A file's content is only deleted when there is no reference to it anymore. A reference to a file can be a directory entry or an open file handle. When you remove a file (e.g. with the rm
command) that a process still has open (here, the process that's logging to it), the file's content remains until the process closes the file.
The most straightforward way to get rid of old logs is to
- Move the file to another name, e.g.
mv foo.log foo.log.old
- Instruct the process to reopen its log file. If the process has no way to do that, restart it.
- Delete the now-closed old log file (
rm foo.log.old
).
The program logrotate automates this mechanism and can be configured as to how many days of old logs to keep around. It can also compress old logs.

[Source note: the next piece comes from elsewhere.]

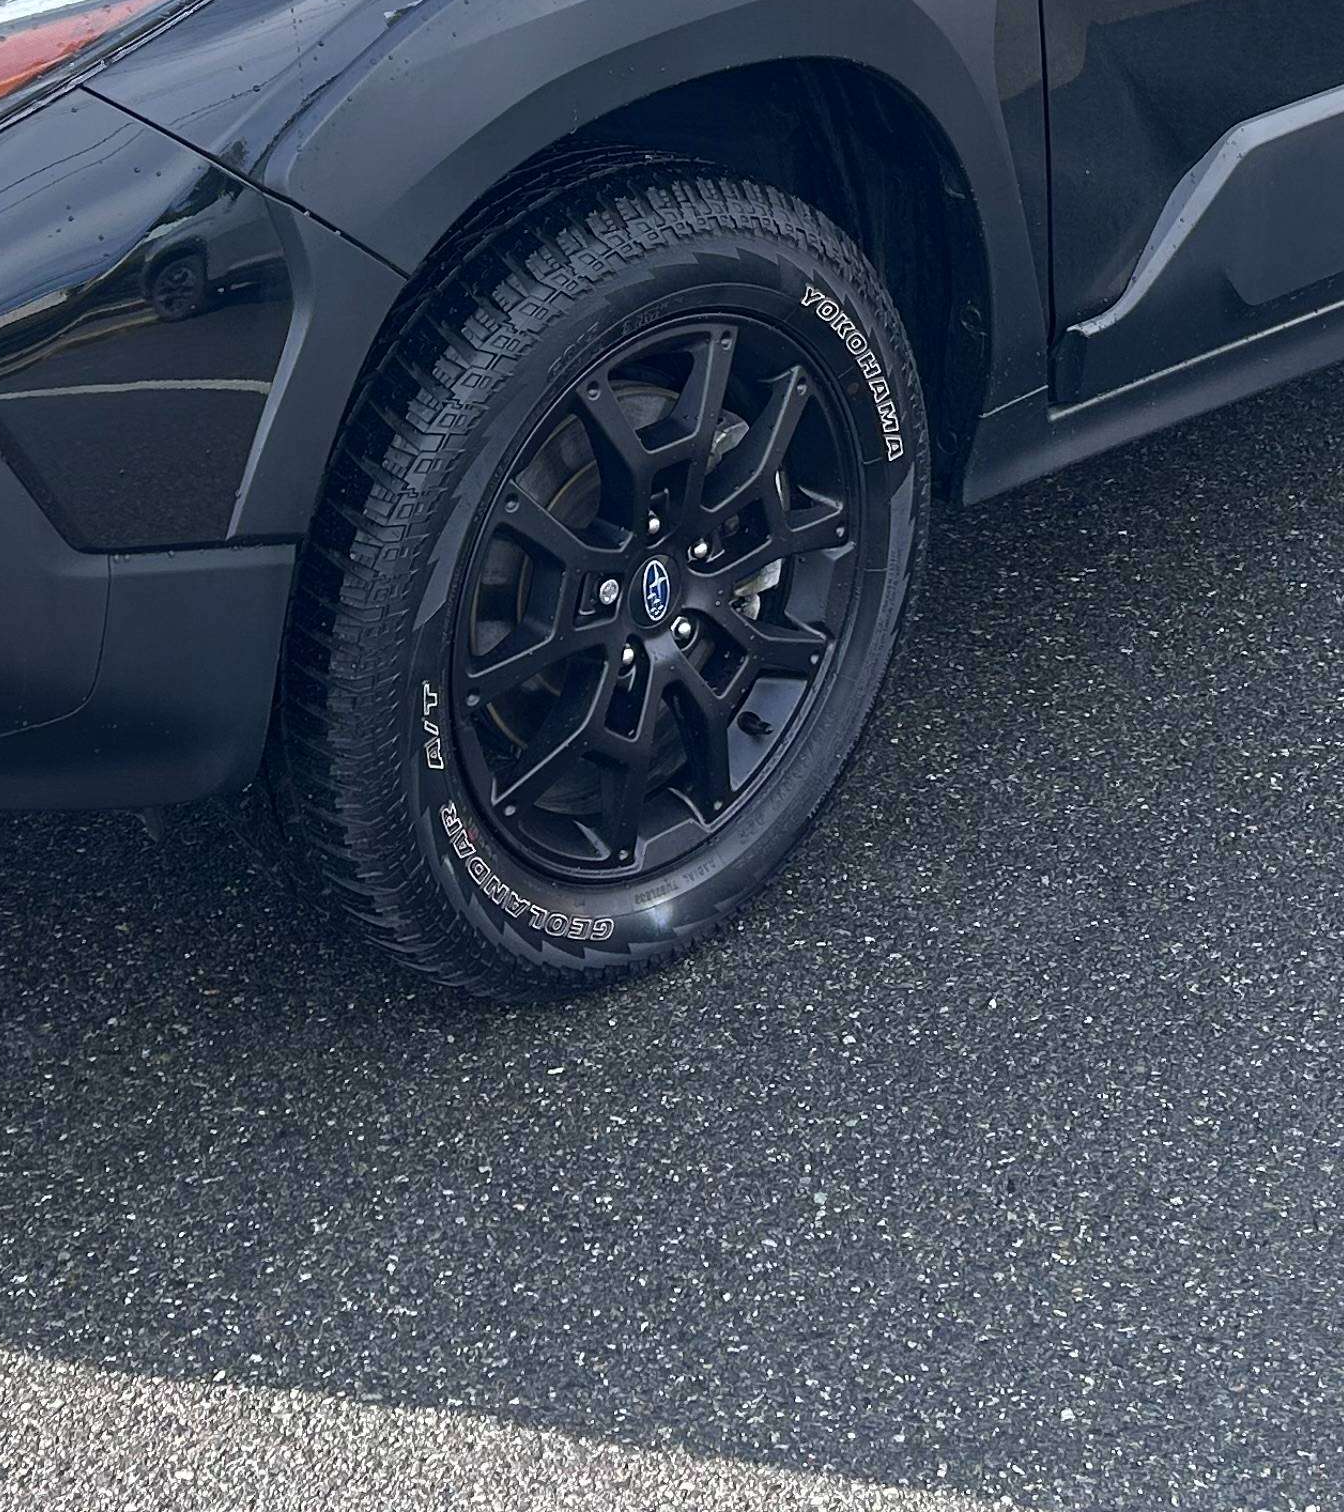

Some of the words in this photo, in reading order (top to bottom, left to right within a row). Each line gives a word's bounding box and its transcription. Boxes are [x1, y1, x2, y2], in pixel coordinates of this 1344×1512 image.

[801, 285, 904, 462] YOKOHAMA
[422, 680, 445, 771] A/T
[440, 800, 615, 942] GEOLANDAR

For step 2, if you can't restart the program and it doesn't have a way to reopen its log file, you can try forcibly making it reopen the log file with a debugger. However, beware that this can crash the program if it keeps information about the log file that's now become inconsistent. Proof-of-concept (beware that lots of things can go wrong with this; if in doubt, just don't do it):
gdb -n $pid -batch -x /dev/stdin <<EOF
call close(2)
call open("/path/to/foo.log", 1)
EOF
An alternative crude method to free some disk space if you don't care about any of the logs is to truncate the file. The logging process will keep writing at the same position in the file, but the file will become a sparse file. If you read from the file from the beginning, you'll get null bytes, but these null bytes only occupy a few kB on the disk.